■ What the task asks
Further down are entries; set down exactly and only the lines from the one with "this 1500×1001 image." up to and including the one with "Some of the text", dropping each picture.

■ Extracted entries
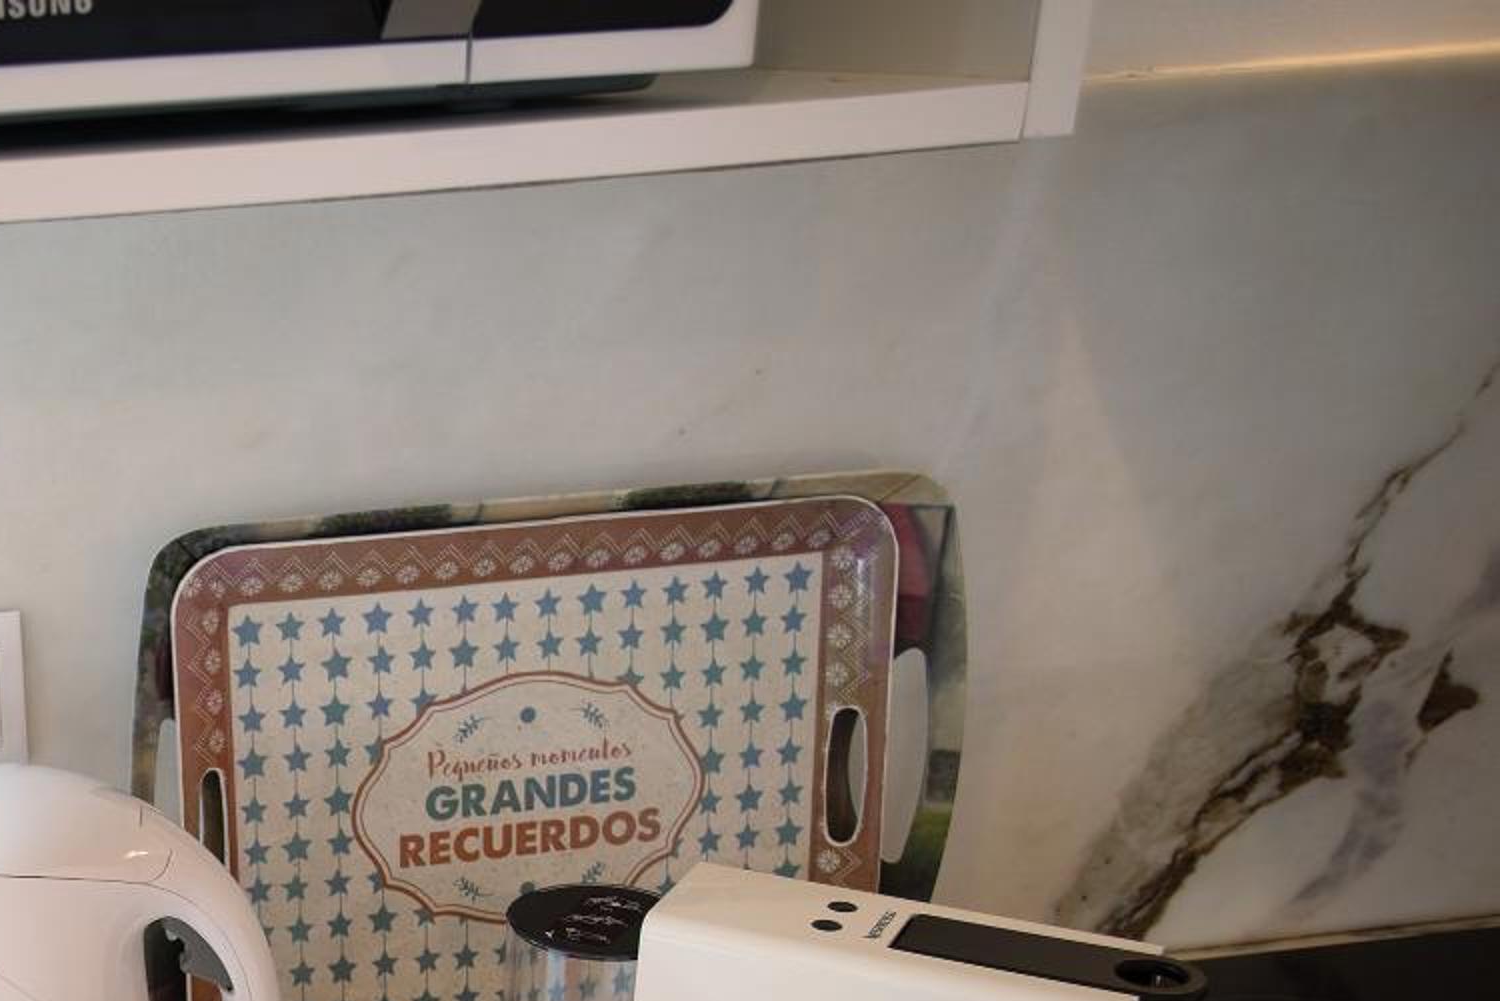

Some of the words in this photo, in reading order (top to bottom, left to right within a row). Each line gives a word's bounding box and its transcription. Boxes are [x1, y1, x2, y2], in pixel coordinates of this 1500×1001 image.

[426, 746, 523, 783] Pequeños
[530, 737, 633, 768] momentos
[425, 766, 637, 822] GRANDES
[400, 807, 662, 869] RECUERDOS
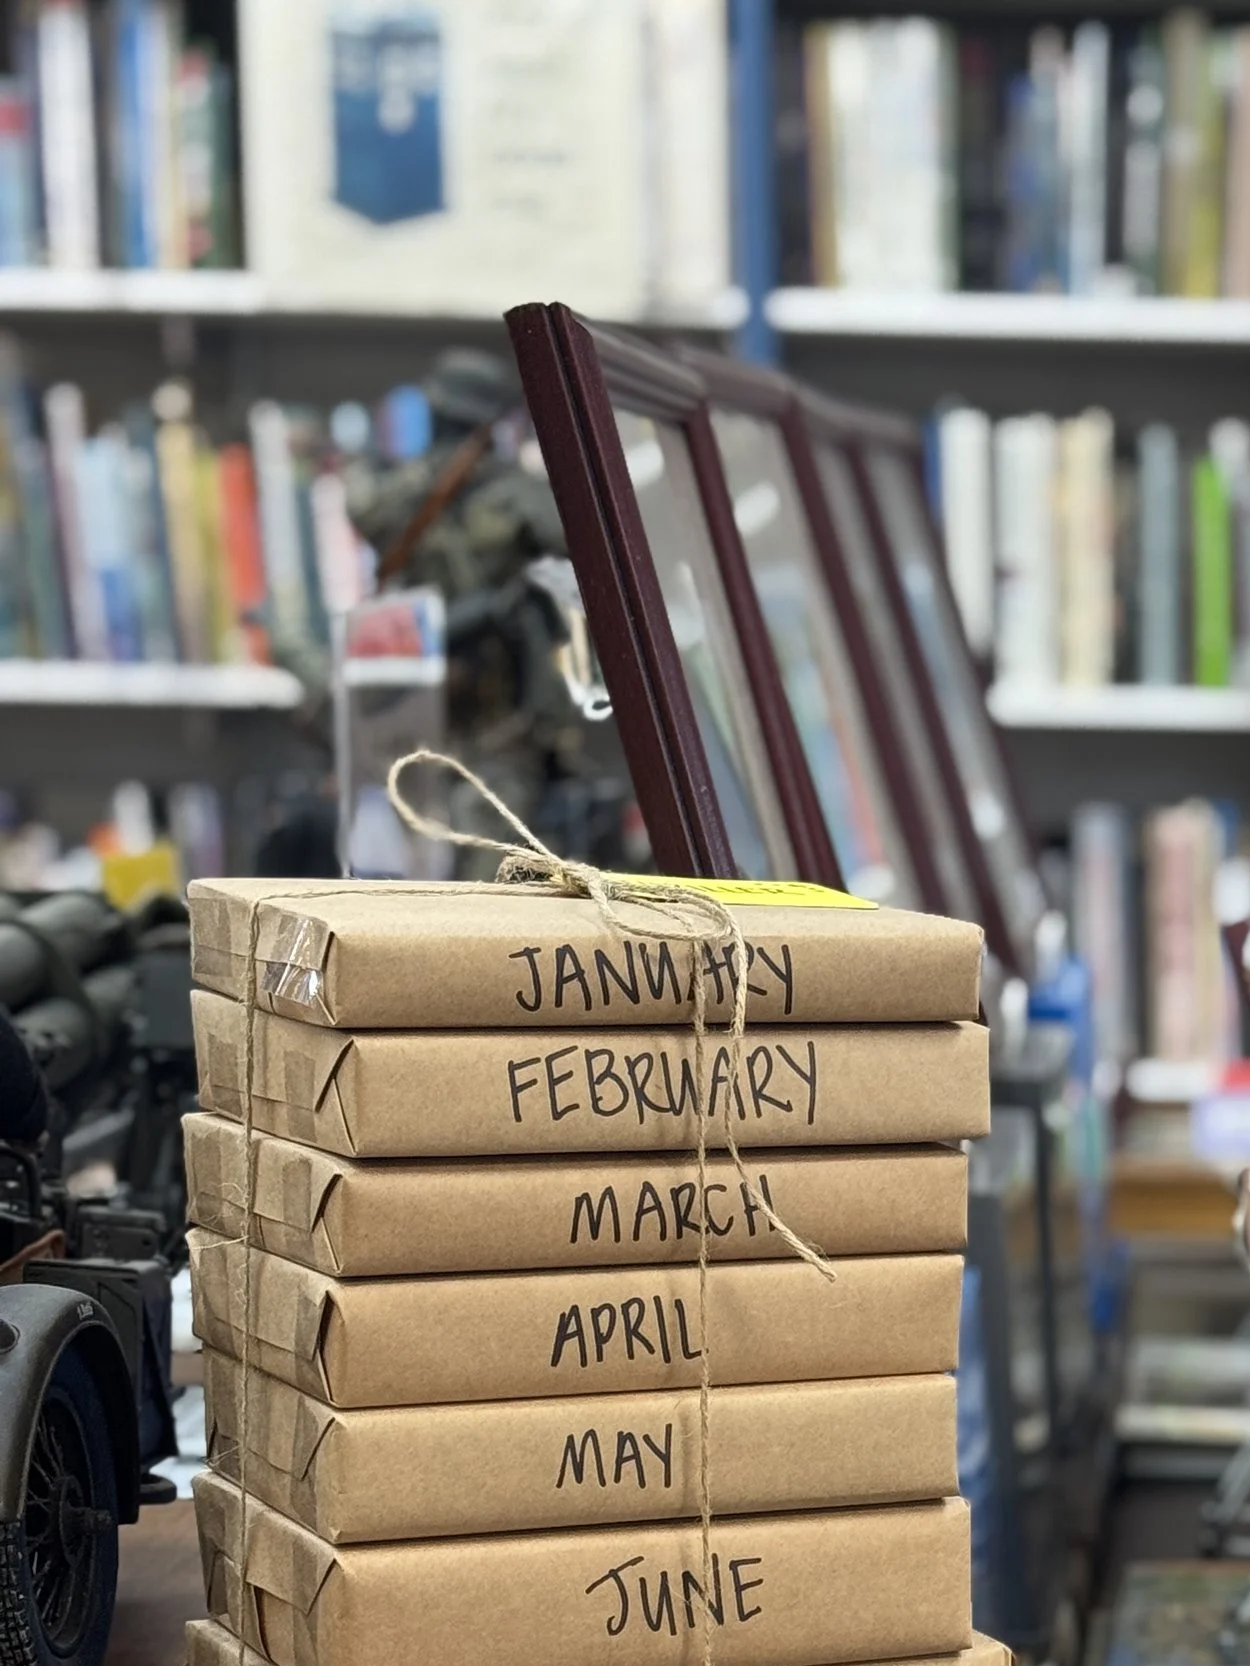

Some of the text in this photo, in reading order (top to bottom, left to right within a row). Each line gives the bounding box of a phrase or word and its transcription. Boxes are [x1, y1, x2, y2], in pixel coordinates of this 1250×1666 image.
==
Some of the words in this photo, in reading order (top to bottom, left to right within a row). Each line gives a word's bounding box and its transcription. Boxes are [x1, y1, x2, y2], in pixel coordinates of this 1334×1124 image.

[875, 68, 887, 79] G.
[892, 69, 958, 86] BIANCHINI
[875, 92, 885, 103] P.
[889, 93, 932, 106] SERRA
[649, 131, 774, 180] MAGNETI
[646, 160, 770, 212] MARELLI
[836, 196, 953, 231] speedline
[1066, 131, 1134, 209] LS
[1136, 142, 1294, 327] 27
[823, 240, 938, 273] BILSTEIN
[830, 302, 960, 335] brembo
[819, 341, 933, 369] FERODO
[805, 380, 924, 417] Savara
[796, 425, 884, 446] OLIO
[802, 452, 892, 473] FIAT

■ Written response
Some of the words in this photo, in reading order (top to bottom, left to right within a row). Each line gives a word's bounding box and its transcription. Boxes are [x1, y1, x2, y2], in pixel coordinates of this 1500×1001 image.

[426, 746, 523, 783] Pequeños
[530, 737, 633, 768] momentos
[425, 766, 637, 822] GRANDES
[400, 807, 662, 869] RECUERDOS

Some of the text in this photo, in reading order (top to bottom, left to right within a row). Each line gives the bounding box of a phrase or word and its transcription. Boxes are [x1, y1, x2, y2], in pixel coordinates of this 1250×1666 image.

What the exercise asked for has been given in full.